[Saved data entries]
+++
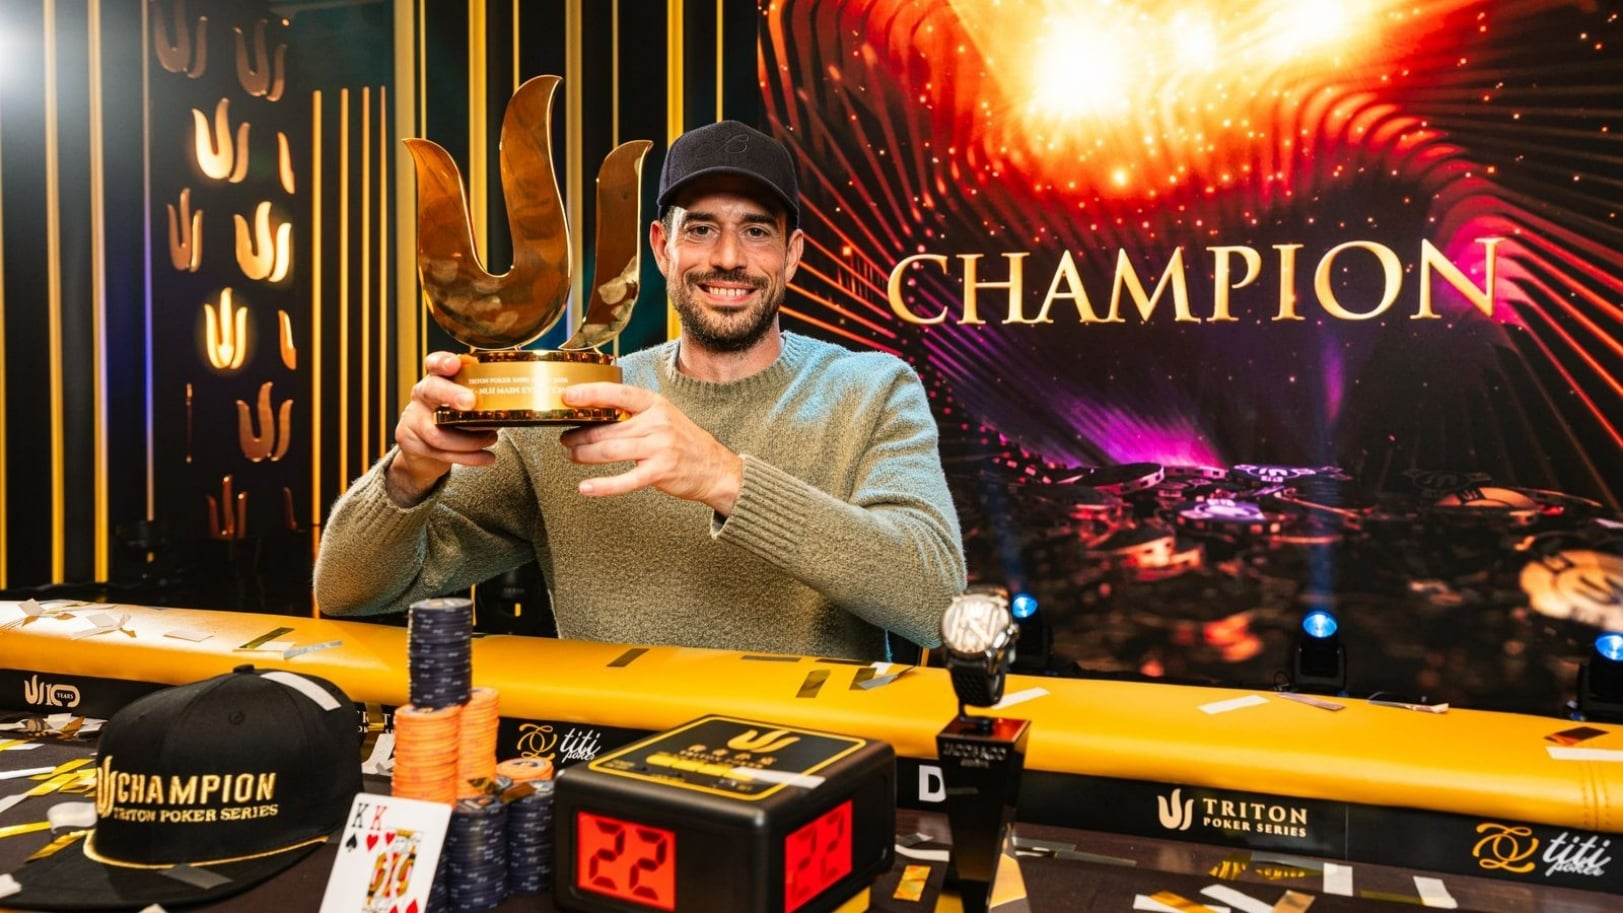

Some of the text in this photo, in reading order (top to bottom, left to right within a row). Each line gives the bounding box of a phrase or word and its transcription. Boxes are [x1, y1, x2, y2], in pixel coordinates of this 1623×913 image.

[886, 237, 1506, 326] CHAMPION
[56, 692, 74, 700] YEARS
[560, 727, 601, 754] titi
[117, 772, 277, 805] CHAMPION
[113, 804, 279, 823] TRITON POKER SERIES
[351, 802, 369, 828] K
[369, 804, 388, 831] K
[1203, 797, 1308, 825] TRITON
[1203, 817, 1307, 837] POKER SERIES
[589, 818, 668, 902] 22
[1542, 831, 1612, 865] titi
+++
## Work to be completed
Restating the data word for word is the task, and pictures are to be omitted.

## Answer section
Some of the text in this photo, in reading order (top to bottom, left to right within a row). Each line gives the bounding box of a phrase or word and its transcription. Boxes are [x1, y1, x2, y2], in pixel coordinates of this 1623×913 image.

[886, 237, 1506, 326] CHAMPION
[56, 692, 74, 700] YEARS
[560, 727, 601, 754] titi
[117, 772, 277, 805] CHAMPION
[113, 804, 279, 823] TRITON POKER SERIES
[351, 802, 369, 828] K
[369, 804, 388, 831] K
[1203, 797, 1308, 825] TRITON
[1203, 817, 1307, 837] POKER SERIES
[589, 818, 668, 902] 22
[1542, 831, 1612, 865] titi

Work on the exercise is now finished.